Injecting renewed life into its FlexLine V-Series SVA (Shared Virtual Array) family, StorageTek on Monday unveiled the new FlexLine V2Xf which offers improved storage capacity and performance for mainframe environments.
Storage Technology Corp. introduced the FlexLine V2Xf at the SHARE Technology Exchange Expo in Boston. Designed for native FICON connectivity in z/OS and z/VM environments, the new product offers twice the physical and virtual capacity and up to 40 percent improvement in workload and response time performance over the existing V2Xtf, said officials of Louisville, Colo.-based StorageTek.
Currently shipping, the self-managing FlexLine V2X4f provides Flex Volume and Large Volume support; offers customers configurations 73GB 15,000 RPM or 146GB 15,000 RPM FC (fiber-channel) drives; and delivers up to 23TB of useable capacity. The mainframe-oriented box features over-provisioning capabilities, built-in data compression, and instant unlimited point-in-time snapshot copies ideally suited for testing/develop environments, disaster recovery and business continuity needs.
Chuck Standerfer, senior partner for Greenwood Village, Colo.-based Evaluator Inc., said StorageTeks refresh of the V-Series SVA V2X4f should diffuse any concerns that the SVA technology—introduced more than 11 years ago—is far from being put out to pasture.
“I think the biggest thing about the [V2X4f] announcement is it sends a message to the world that the SVA isnt going anywhere. [However] this product is getting a bit long in the tooth.

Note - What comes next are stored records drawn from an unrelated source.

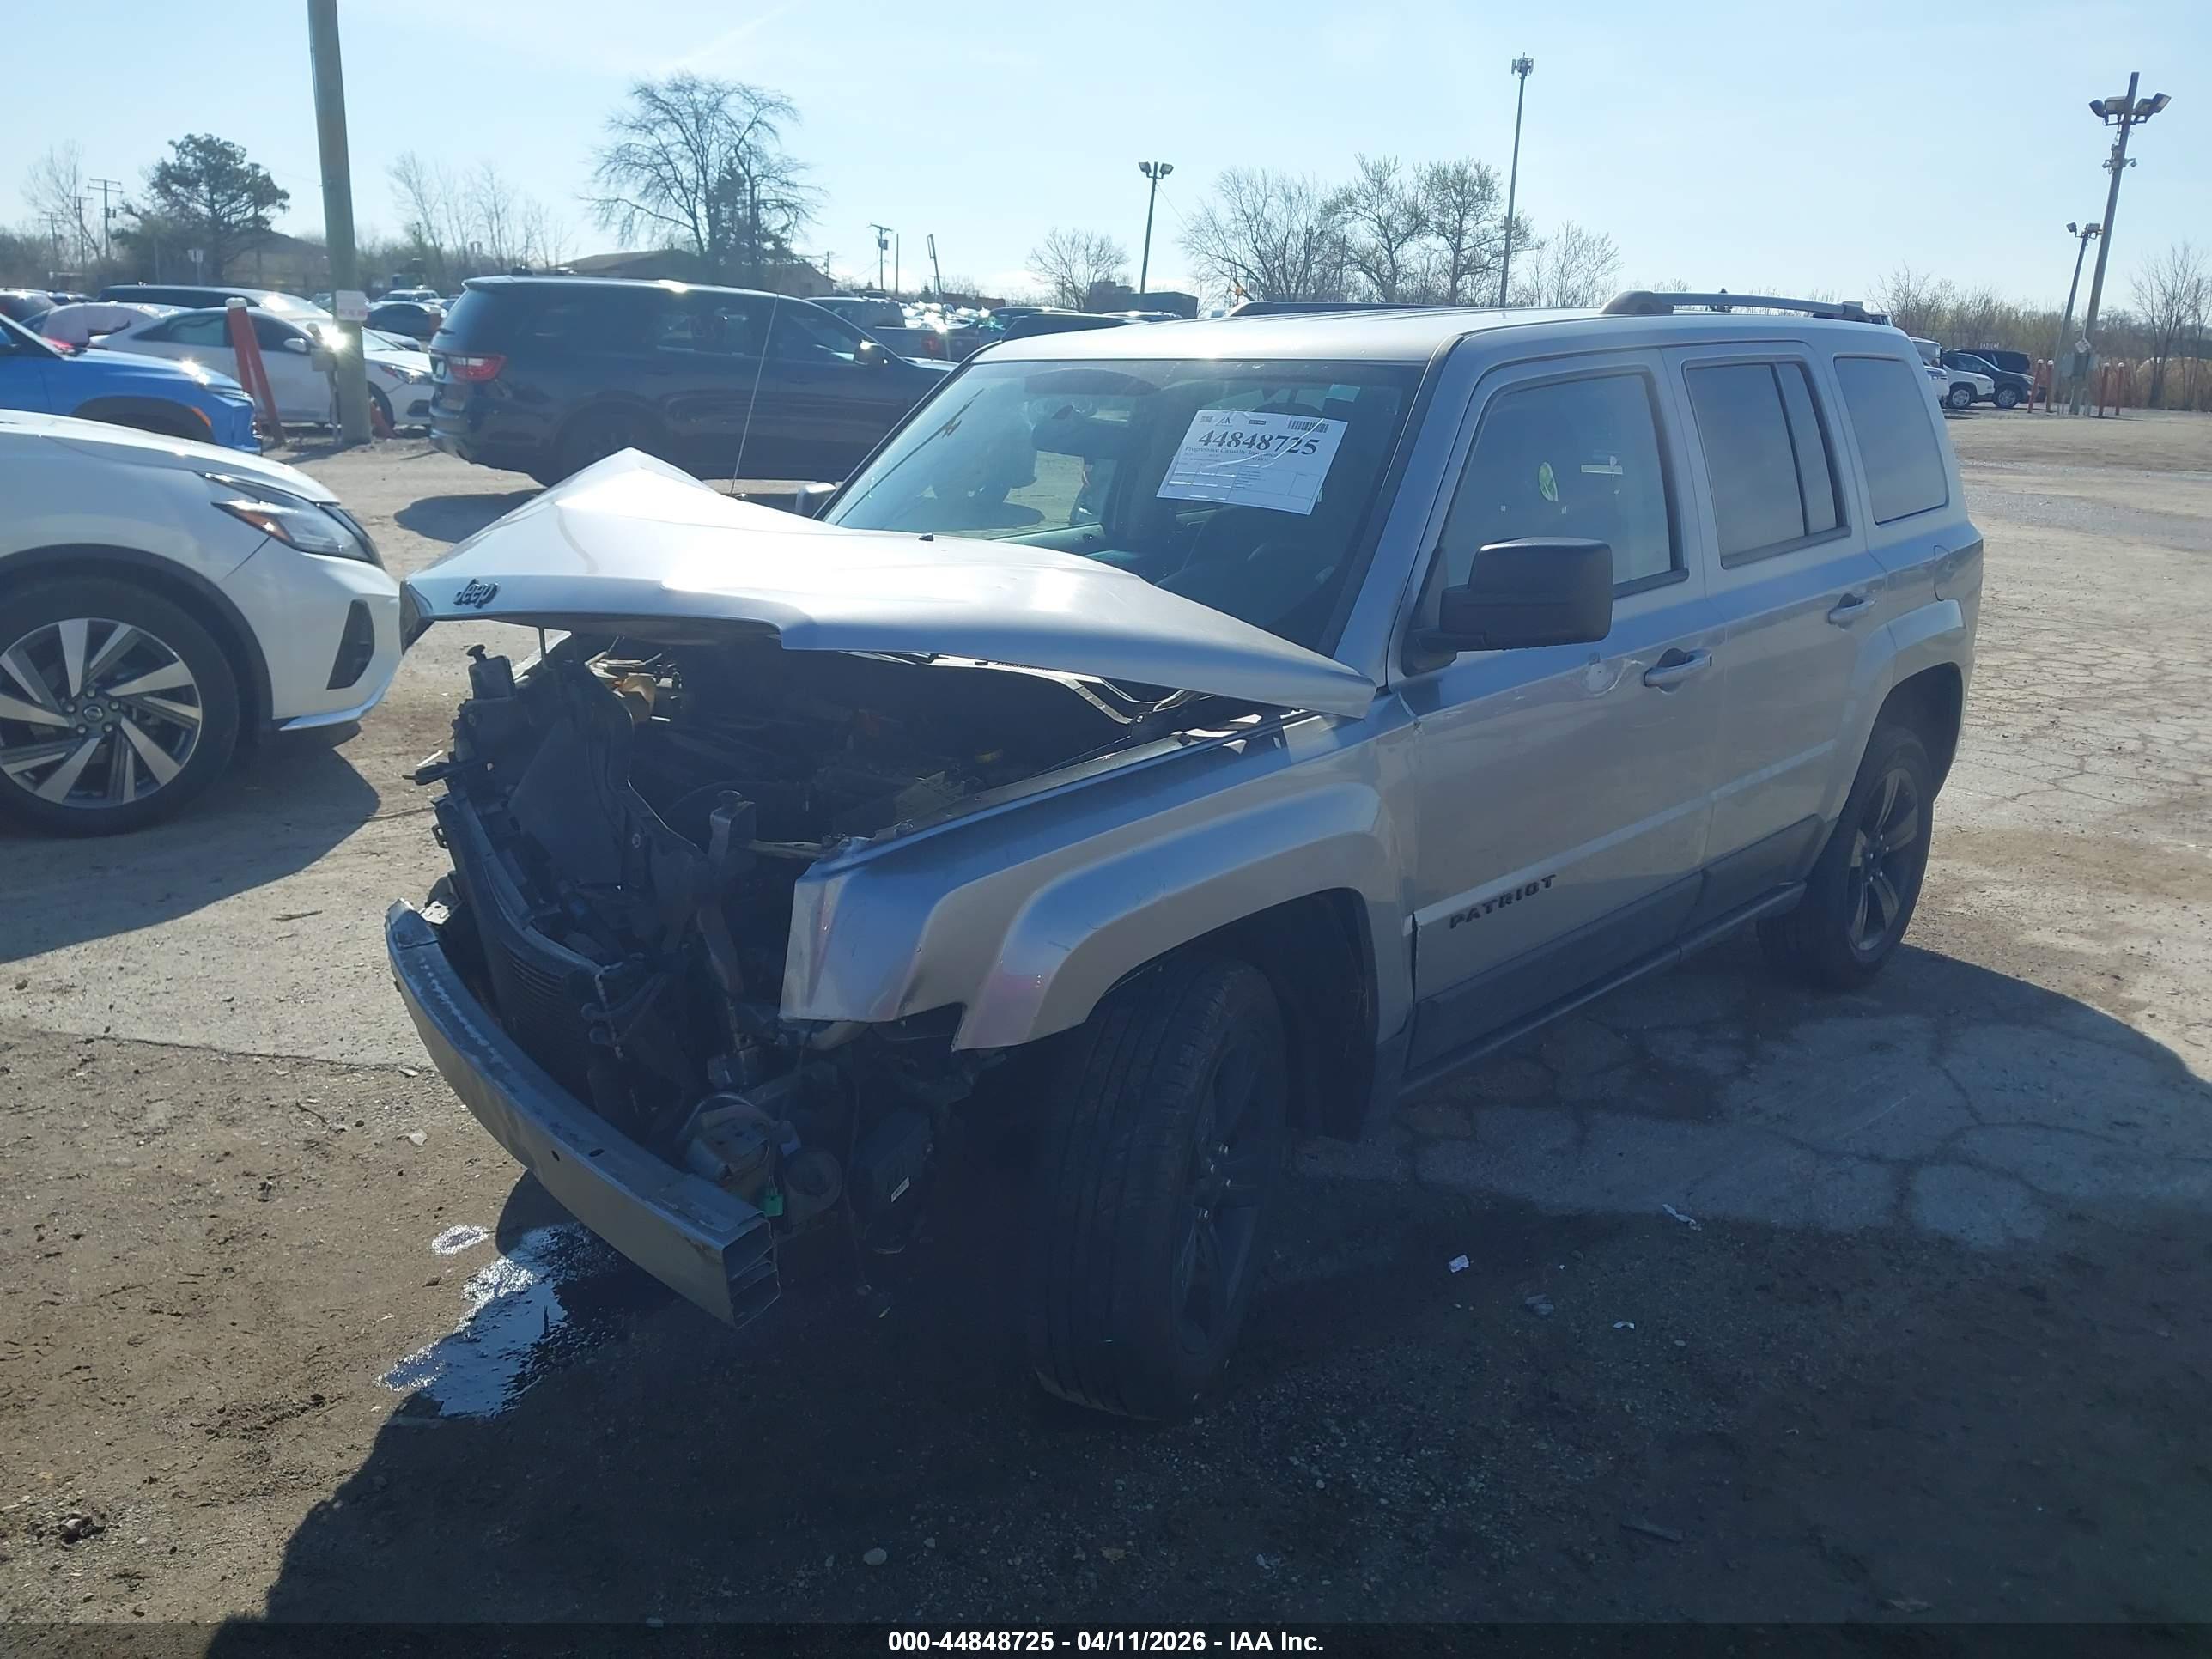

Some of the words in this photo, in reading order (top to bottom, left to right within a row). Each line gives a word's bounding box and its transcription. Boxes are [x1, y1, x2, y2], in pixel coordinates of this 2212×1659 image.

[1198, 429, 1320, 455] 44848725
[453, 578, 500, 609] Jeep
[1449, 874, 1556, 929] PATRIOT
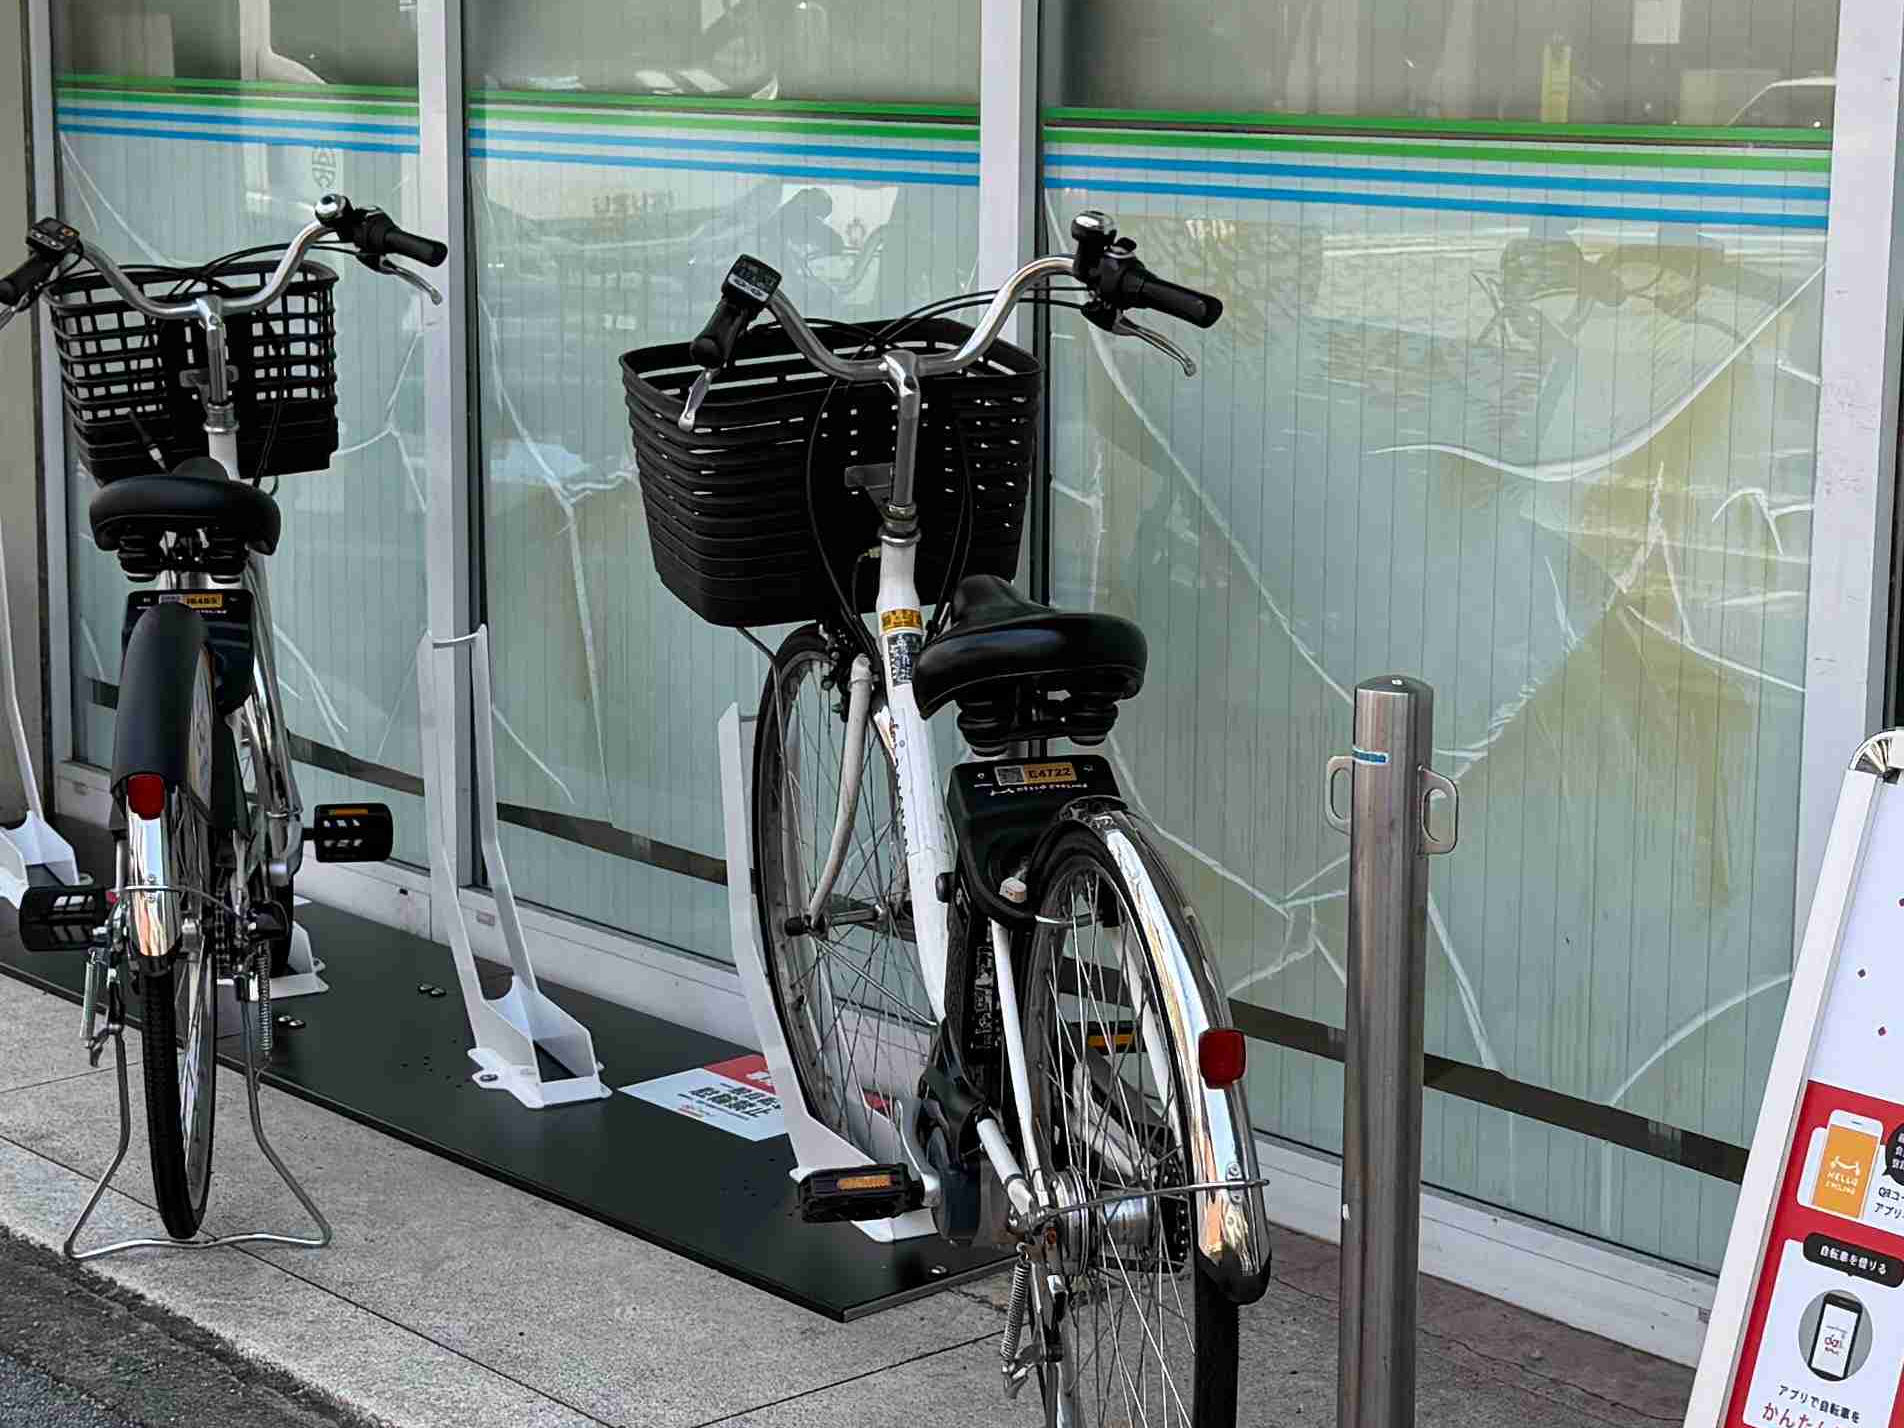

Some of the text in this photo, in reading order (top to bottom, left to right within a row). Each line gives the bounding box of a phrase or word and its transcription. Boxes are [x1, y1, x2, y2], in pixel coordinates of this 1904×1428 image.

[1778, 1384, 1861, 1425] アプリで自転車を

It was first introduced in 1994, thats a long time to stretch the technology,” said Standerfer. “StorageTeks current install base, which is sizeable, is very loyal to this technology. Theyve built a lot of operational procedures around it and this [upgrade] gives them a reason for keeping this technology.”
According to StorageTek officials, customers with existing FlexLine V2Xf systems can upgrade those systems to 23TB virtual capacity from its current 11.5TB threshold and boost performance by 40 percent through new IPX5 processor cards, which are currently available.